Plus on est eslevé, plus on court de dangers :
Les grands pins sont en bute aux coups de la tempeste,
Et la rage des vents brise plûtost le faiste
Des maisons de nos roys que des toits des bergers.

Ô bien-heureux celuy qui peut de sa memoire
Effacer pour jamais ce vain espoir de gloire
Dont l’inutile soin traverse nos plaisirs,
Et qui, loin retiré de la foule importune,
Vivant dans sa maison content de sa fortune,
A selon son pouvoir mesuré ses desirs !

Il laboure le champ que labouroit son pere ;
Il ne s’informe point de ce qu’on delibere

Dans ces graves conseils d’affaires accablez ;
Il voit sans interest la mer grosse d’orages,
Et n’observe des vents les sinistres presages
Que pour le soin qu’il a du salut de ses bleds.

Roy de ses passions, il a ce qu’il desire,
Son fertile domaine est son petit empire ;
Sa cabane est son Louvre et son Fontainebleau ;
Ses champs et ses jardins sont autant de provinces,
Et, sans porter envie à la pompe des princes,
Se contente chez luy de les voir en tableau.

Il voit de toutes parts combler d’heur sa famille,
La javelle à plein poing tomber sous la faucille,
Le vendangeur ployer sous le faix des paniers,
Et semble qu’à l’envy les fertiles montagnes,
Les humides vallons et les grasses campagnes
S’efforcent à remplir sa cave et ses greniers.

Il suit aucunesfois un cerf par les foulées
Dans ces vieilles forests du peuple reculées
Et qui mesme du jour ignorent le flambeau ;
Aucunesfois des chiens il suit les voix confuses,
Et voit enfin le lievre, aprés toutes ses ruses,
Du lieu de sa naissance en faire son tombeau.

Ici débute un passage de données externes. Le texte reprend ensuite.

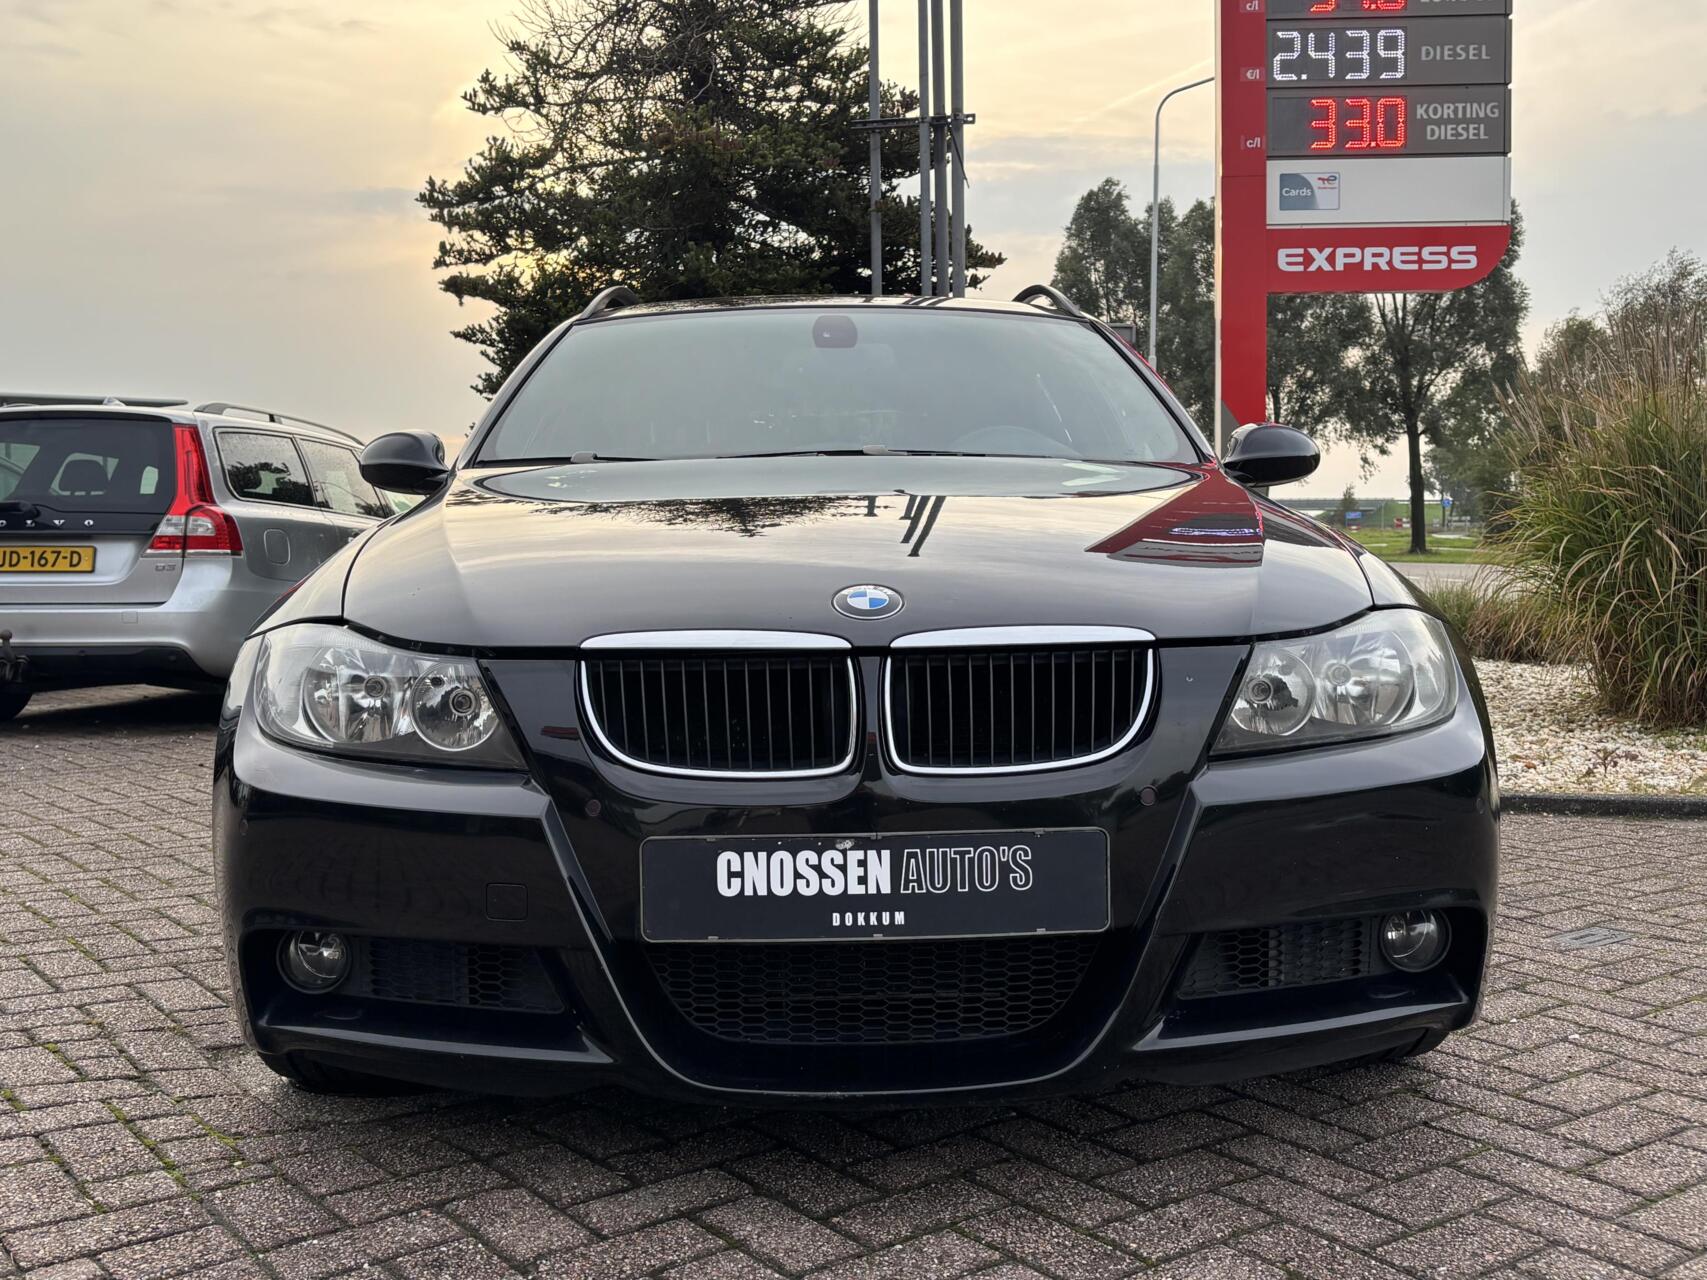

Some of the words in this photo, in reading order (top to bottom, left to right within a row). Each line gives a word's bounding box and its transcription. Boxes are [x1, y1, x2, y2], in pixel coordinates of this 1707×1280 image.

[1273, 29, 1405, 80] 2.439
[1421, 44, 1491, 61] DIESEL
[1416, 102, 1500, 119] KORTING
[1310, 97, 1405, 149] 33.0
[1426, 123, 1489, 140] DIESEL
[1282, 187, 1312, 197] Cards
[1277, 245, 1478, 272] EXPRESS
[716, 849, 892, 898] CNOSSEN
[900, 845, 1034, 894] AUTO'S
[832, 911, 906, 927] DOKKUM
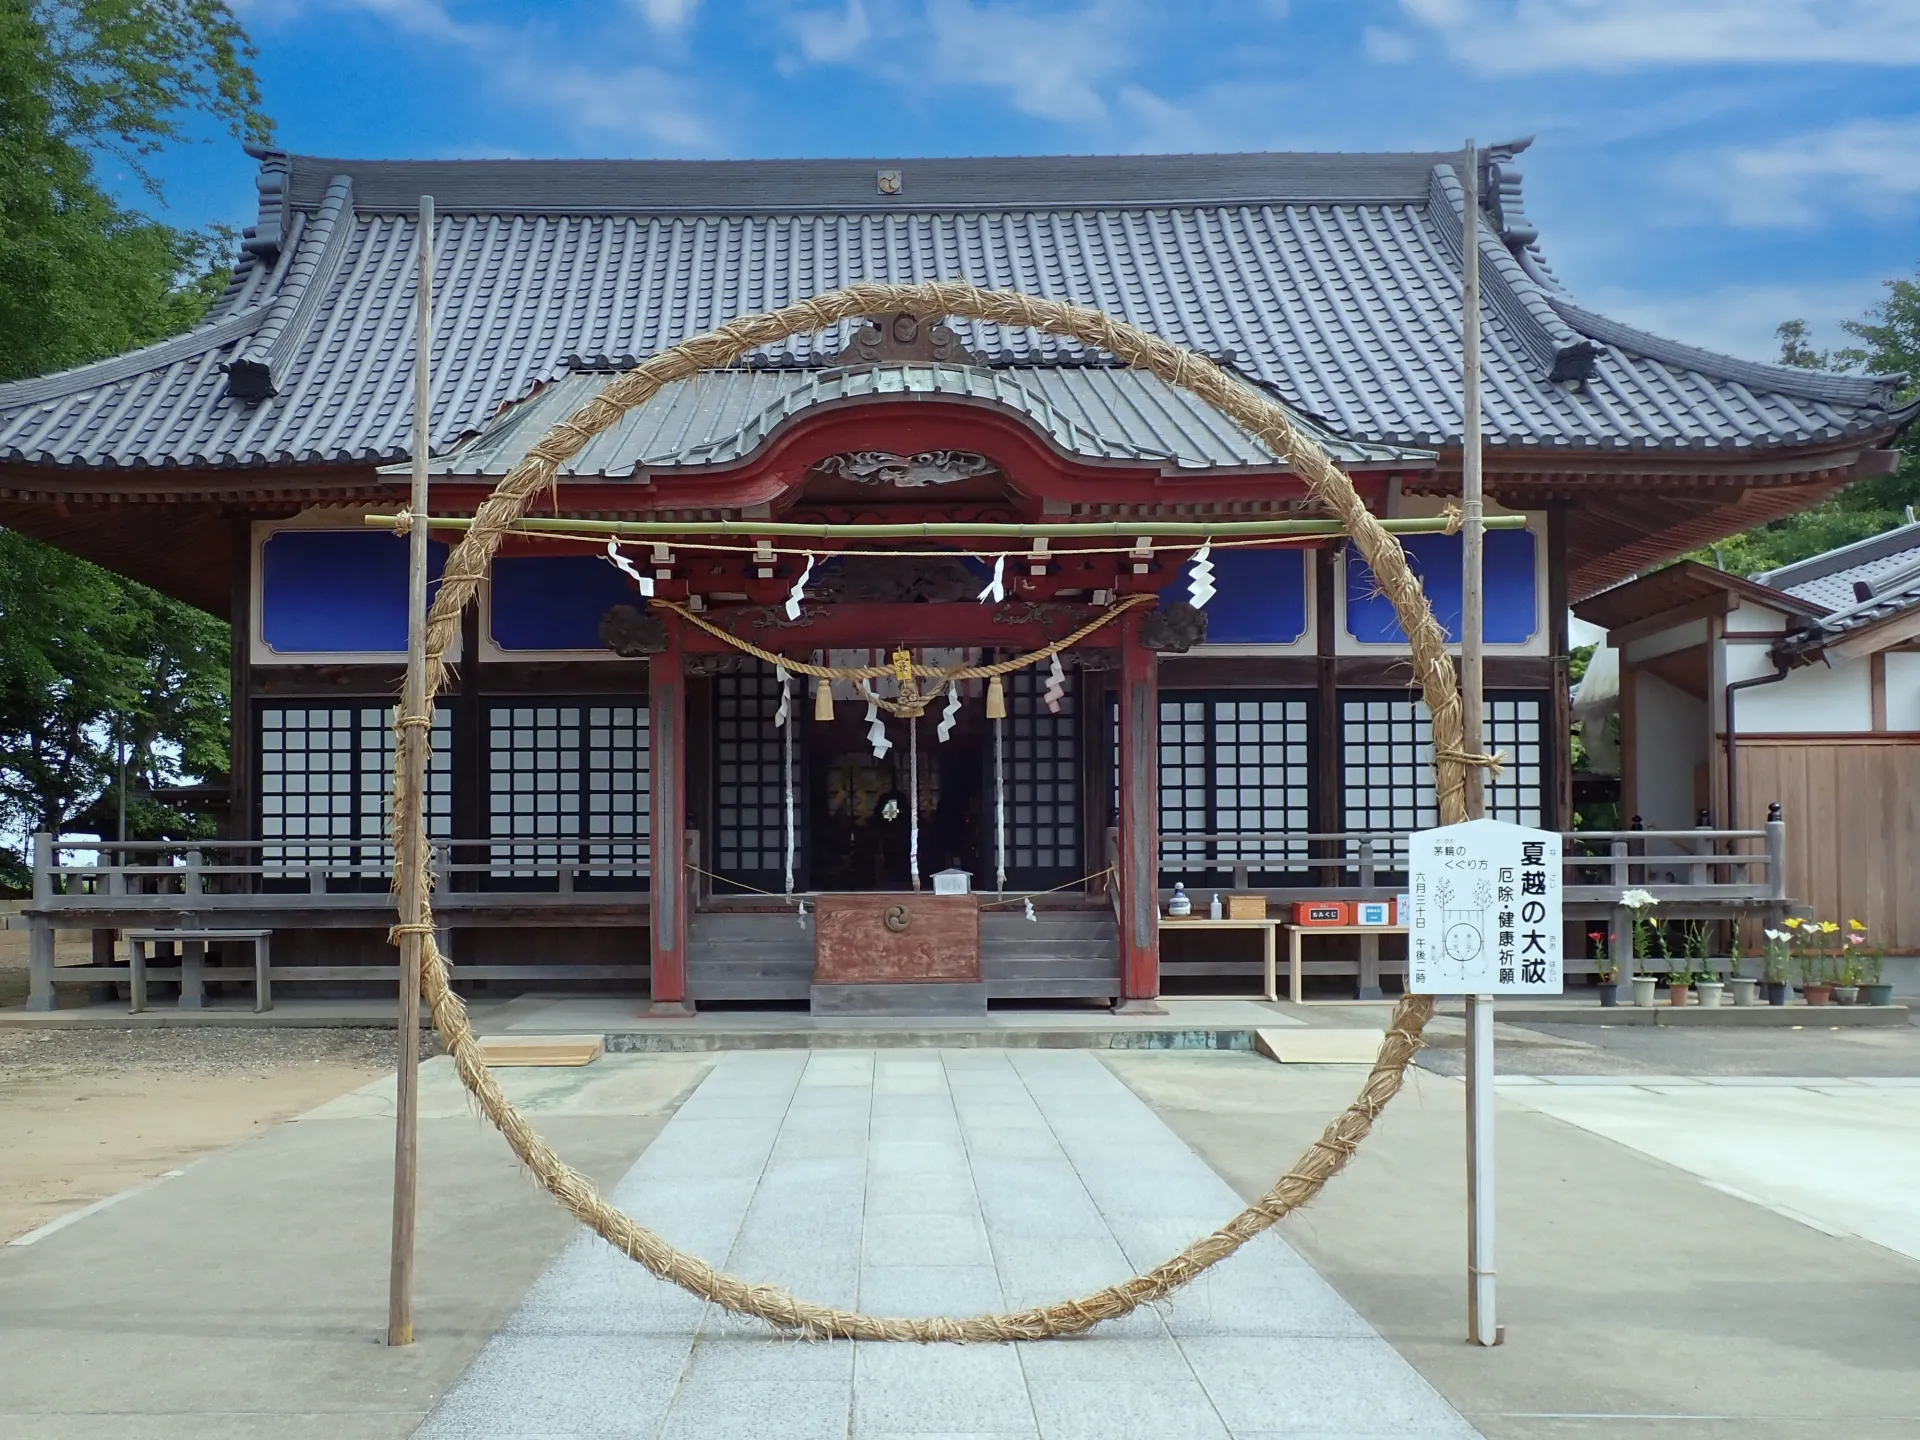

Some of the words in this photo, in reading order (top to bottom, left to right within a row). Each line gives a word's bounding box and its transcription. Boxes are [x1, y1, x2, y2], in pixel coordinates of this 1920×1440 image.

[1433, 845, 1467, 857] 茅輪の
[1445, 859, 1489, 870] くぐり方
[1416, 872, 1426, 928] 六月三十日
[1498, 867, 1515, 984] 厄除・健康祈願
[1520, 841, 1546, 984] 夏越の大祓
[1416, 938, 1426, 984] 午後二時

Tantost il se promene au long de ses fontaines,
De qui les petits flots font luire dans les plaines
L’argent de leurs ruisseaux parmy l’or des moissons ;
Tantost il se repose avecque les bergeres
Sur des lits naturels de mousse et de fougeres,
Qui n’ont autres rideaux que l’ombre des buissons.

Il souspire en repos l’ennuy de sa vieillesse
Dans ce mesme foyer où sa tendre jeunesse
A veu dans le berceau ses bras emmaillottez ;
Il tient par les moissons registre des années,
Et voit de temps en temps leurs courses enchaisnées
Vieillir avecque luy les bois qu’il a plantez.


Il ne va point foüiller aux terres inconnuës,
À la mercy des vents et des ondes chenuës,
Ce que Nature avare a caché de tresors,
Et ne recherche point, pour honorer sa vie,
De plus illustre mort, ny plus digne d’envie,
Que de mourir au lit où ses peres sont morts.

Il contemple du port les insolentes rages
Des vents de la faveur, auteurs de nos orages,
Allumer des mutins les desseins factieux,
Et voit en un clin d’œil, par un contraire eschange,
L’un deschiré du peuple au milieu de la fange,
Et l’autre à mesme temps eslevé dans les cieux.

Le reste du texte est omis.